NFLer’s baby dies at birth: Andrew Quarless
Published: August 4, 2015
NFLer’s baby dies at birth: Andrew Quarless, On the same day the Green Bay Packers began training camp, tight end Andrew Quarless experienced an immense personal loss. “This past Wednesday, July 29, I lost my daughter on delivery,” Quarless told reporters, per the Milwaukee Journal Sentinel. “Probably the saddest day of my life.”
A daughter was to be the second child for Quarless and his long-time girlfriend, Rosie Sierra, who also have a 5-year old son. Quarless’ teammates may not know exactly what he’s going through, but they are still there offering support.
“Whatever he needs we will help him out with,” Micah Hyde said on Saturday, again per the Journal Sentinel. “We’re a family in here. I know a lot of teams say that, but we are. We are with each other all the time to hang out. It’s not like we’re in — name a big city. It’s literally Green Bay, so we don’t have much to do here. We hang out with each other. We are definitely like a family here.”

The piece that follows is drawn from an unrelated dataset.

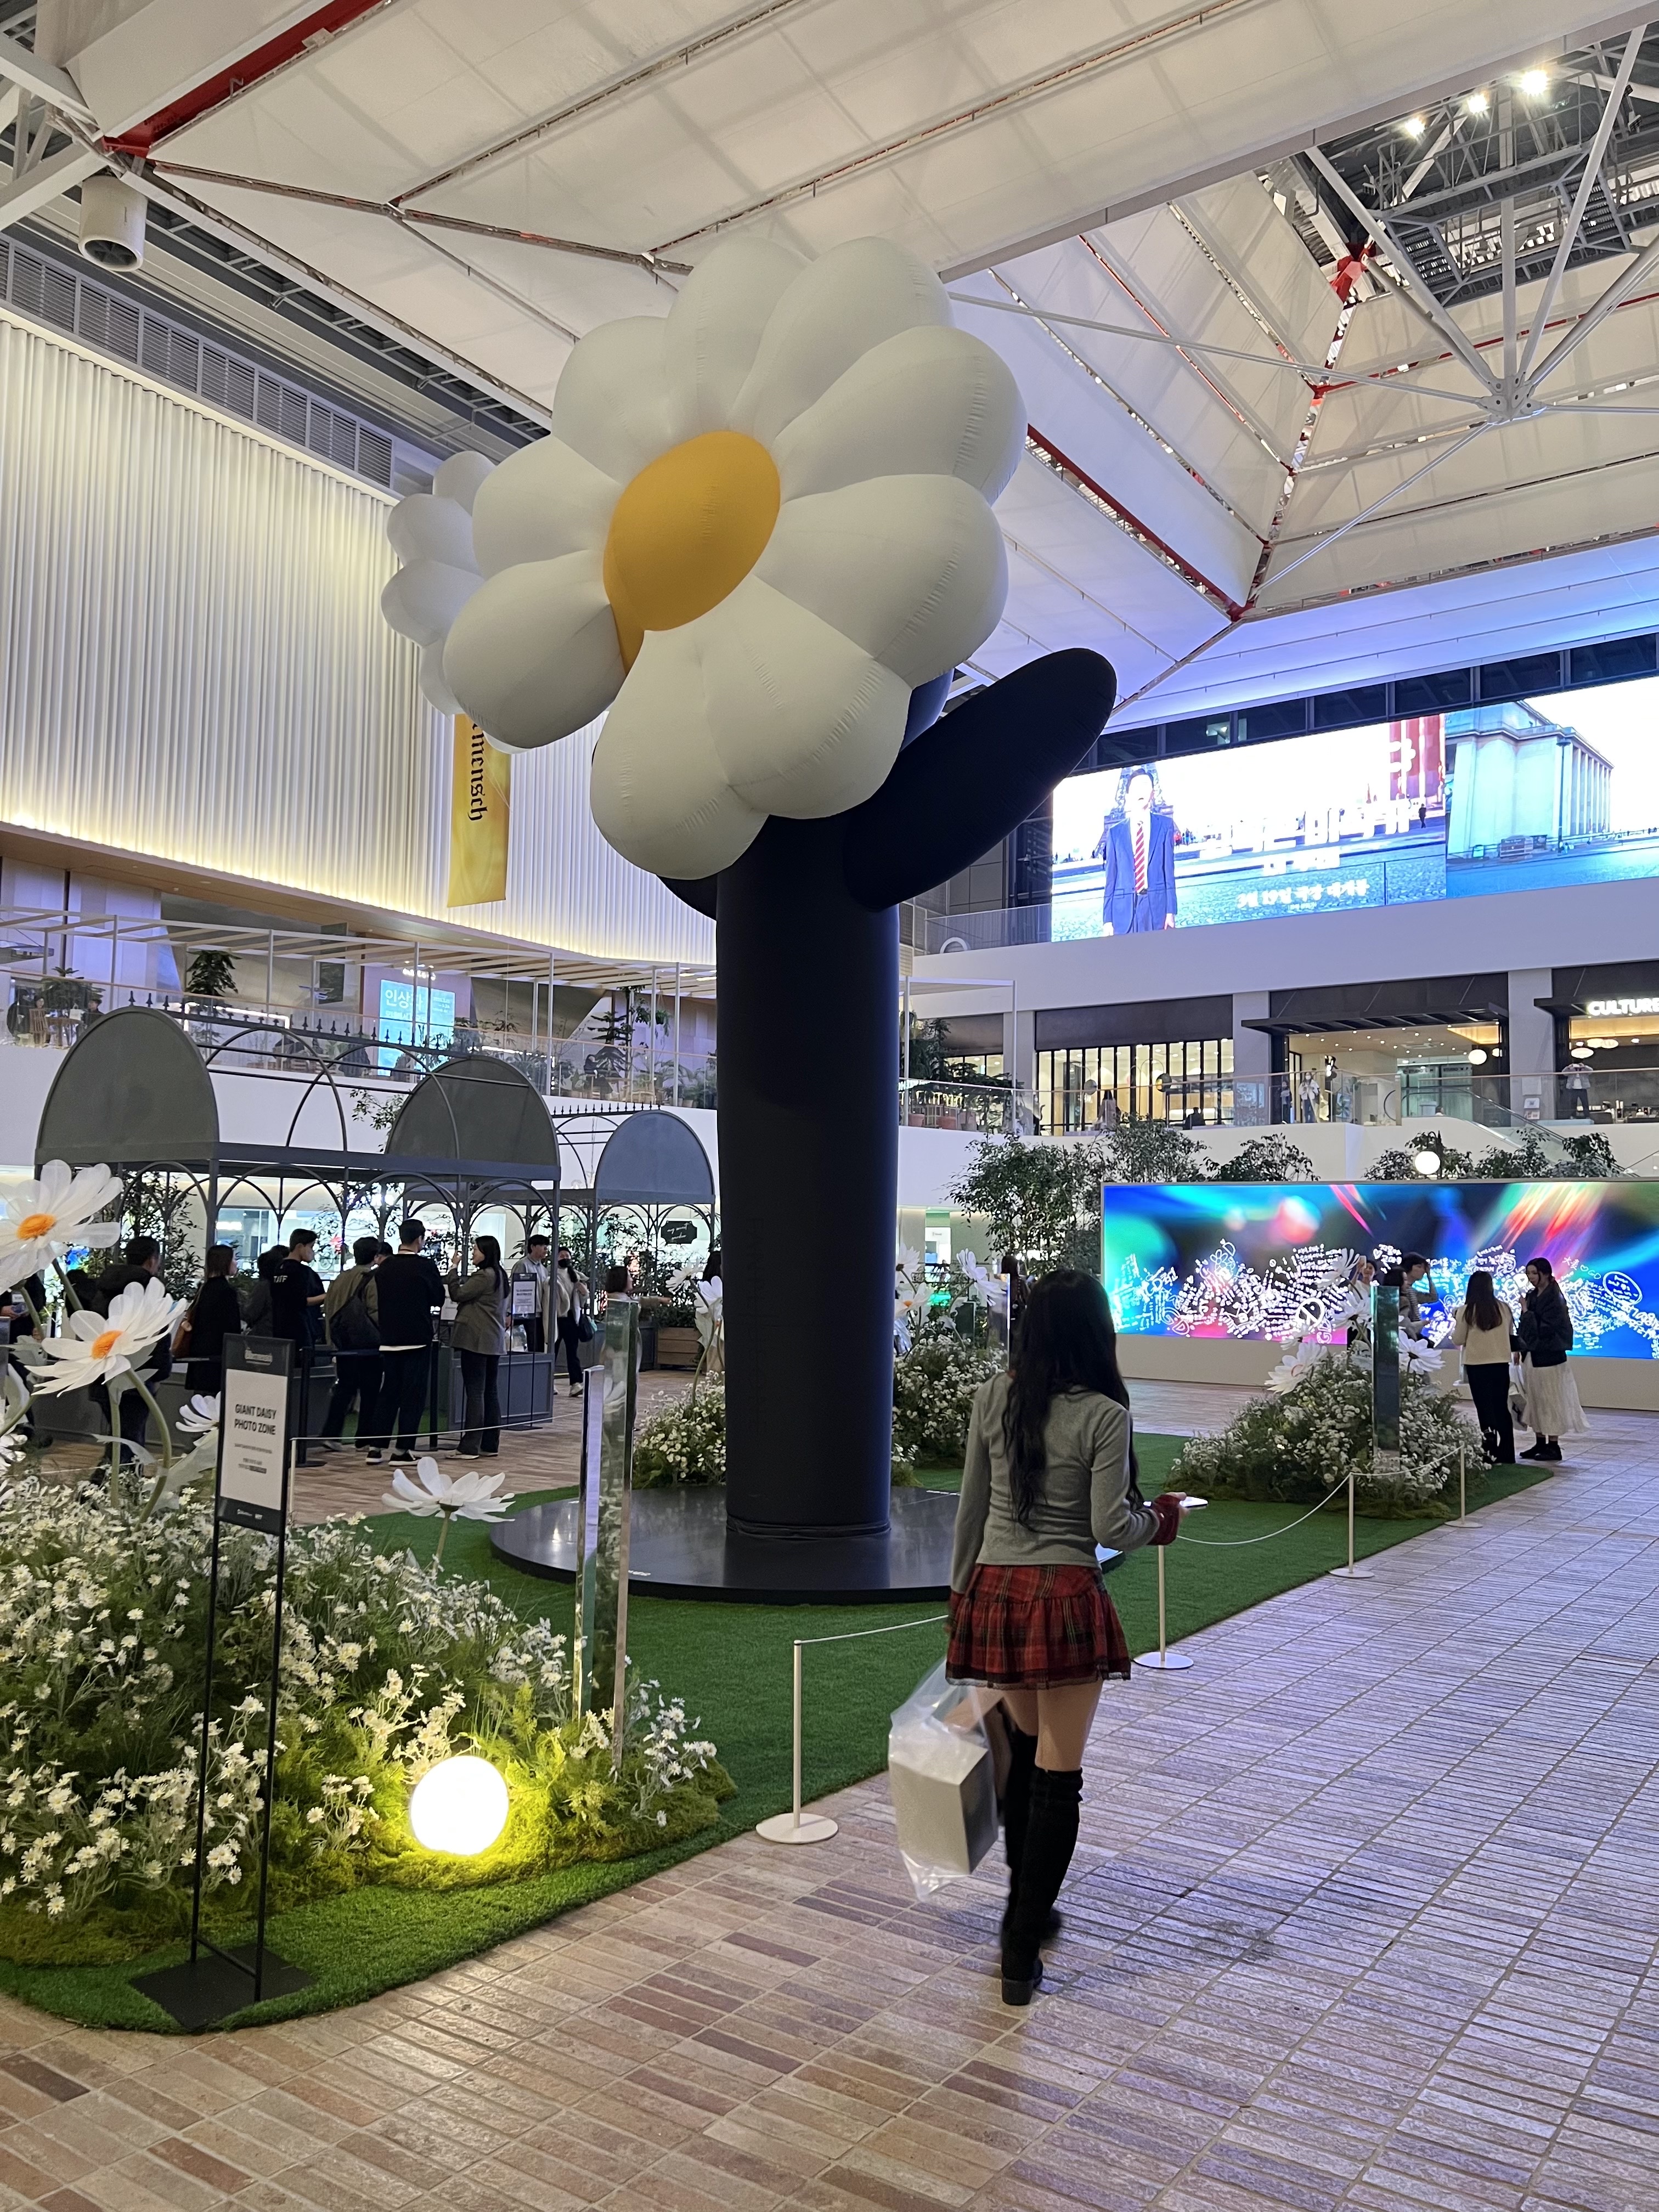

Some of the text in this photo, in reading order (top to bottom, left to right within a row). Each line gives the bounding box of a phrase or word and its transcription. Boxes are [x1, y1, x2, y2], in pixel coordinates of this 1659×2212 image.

[235, 1403, 276, 1420] GIANT DAISY
[234, 1418, 276, 1435] PHOTO ZONE

Quarless had a rough July overall, as he was also arrested earlier in the month on allegations that he fired a weapon after an argument outside a parking garage. He described head coach Mike McCarthy as “very upset, very upset” in their phone conversation after the incident, one that initially made him fear he’d be cut and lose his chance at continuing to play football. Obviously that didn’t happen, and now that he’s back among his teammates, he appreciates the support they’re giving him.
“It’s been a lot,” said Quarless. “It’s been a lot. As you grow older as a man, you really understand life and you really understand things. I’m so appreciative of this team. Even from the incident earlier in the month, there’s just been so much support. More than I feel like sometimes I might deserve.
“Just the amount of love from everybody, it’s really been good for me. It’s hard to explain how much that means to me. I’m just thankful. It really helps you put things in perspective. In my head right now, you really can’t take anything for granted.”
What Quarless truly appreciated was being able to see his son after practice on Monday, which a dozen of his family members attended. “The most important thing was seeing my son,” Quarless said. “My son was able to come out there. He was really looking forward to being a big brother.”